Another big thing is that the interests of the business community and the residents are aligned in rural areas. There was no carrier hotel or POPs by any other providers in Dalton. Before muni fiber in both Dalton and Chattanooga if you wanted high speed internet you'd have to get a private loop backhaul all the way to Atlanta and then also pay for the internet access. No national or local providers had IP routers with gig-e or above ports locally that I'm aware of. Not like in Atlanta where you can get a local loop (from multiple national providers) to a carrier hotel and have your pick of 50+ IP transit providers.

Muni fiber was the only option for affordable internet access for both businesses and residents in these areas, and the utility was guaranteed an almost instant monopoly on high speed internet for business users. They electric cos also had all the rights of way and customer billing infrastructure, pre-built client base, and were running fiber anyway for their own use in managing the power network.

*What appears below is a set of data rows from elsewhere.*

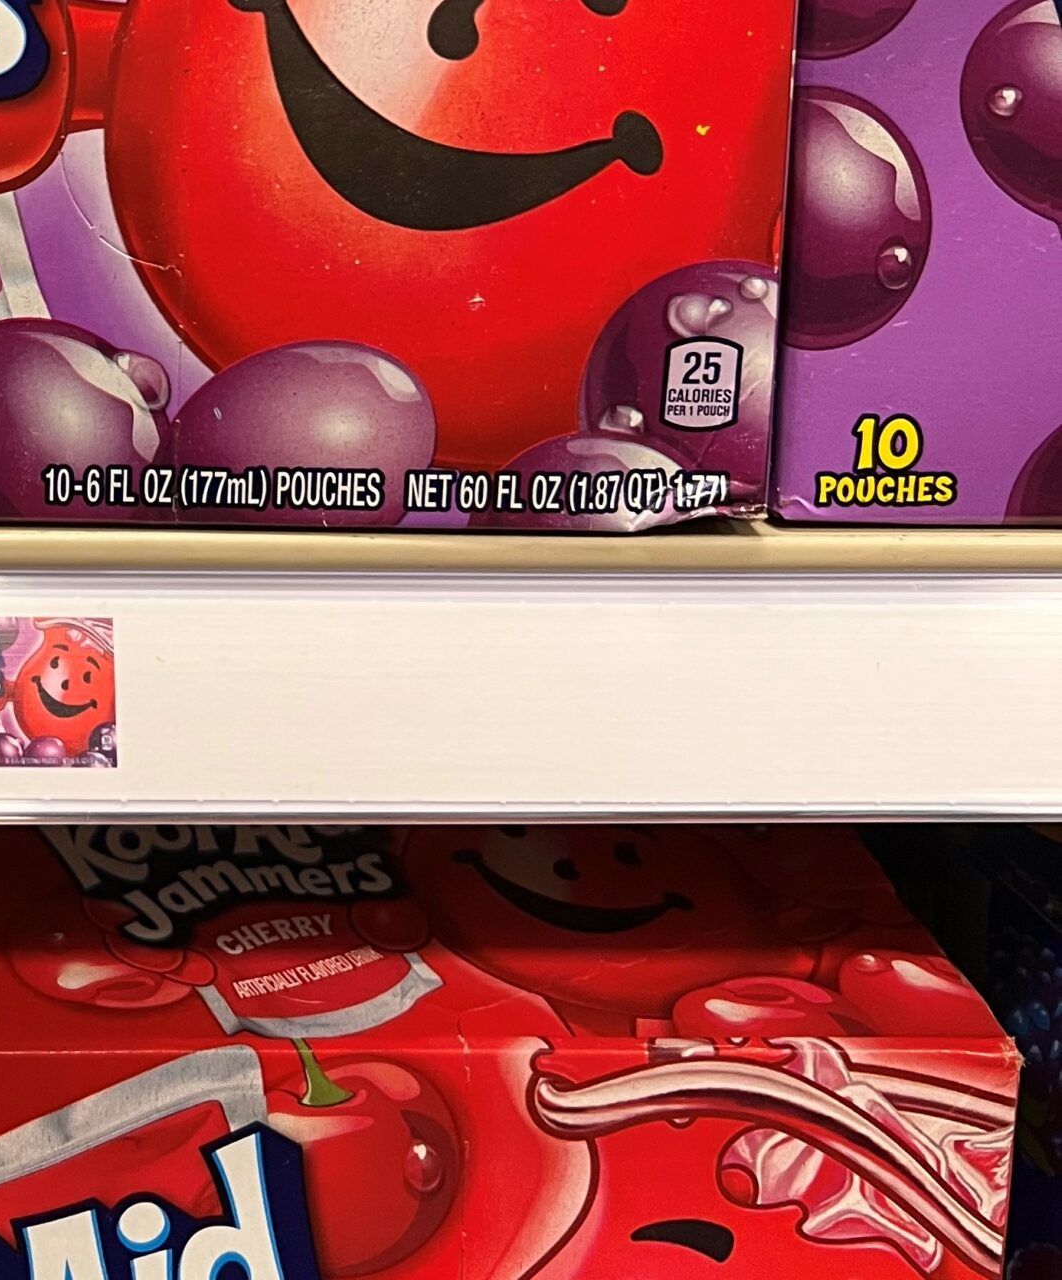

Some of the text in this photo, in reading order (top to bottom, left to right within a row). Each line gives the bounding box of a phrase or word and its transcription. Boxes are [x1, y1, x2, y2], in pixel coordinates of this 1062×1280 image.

[682, 352, 722, 385] 25
[667, 405, 730, 416] PER 1 POUCH
[668, 389, 732, 403] CALORIES
[857, 418, 919, 470] 10
[110, 469, 135, 503] FL
[144, 469, 172, 504] OZ
[180, 469, 267, 507] (177mL)
[277, 471, 381, 507] POUCHES
[407, 474, 452, 509] NET
[460, 474, 488, 509] 60
[497, 475, 521, 509] FL
[532, 475, 561, 509] OZ
[569, 474, 620, 511] (1.87
[628, 472, 666, 510] QT)
[819, 475, 954, 503] POUCHES
[124, 853, 392, 941] Jammers
[216, 914, 333, 955] CHERRY
[233, 969, 302, 999] ARTIFICIALLY
[297, 955, 353, 982] FLAVORED

I think there's a reason why almost every successful muni fiber ISP is in a rural area with a muni electric company, and that's that local governments probably shouldn't be in the ISP game, but in some cases it's the only option by communities to obtain high speed internet, and in those cases necessity is the mother of invention.

In larger cities, I think the model would have to be different, and a muni fiber network would be a transport loop only service and you'd get to pick which ISP to connect to on the other end, like DSL in the CLEC days.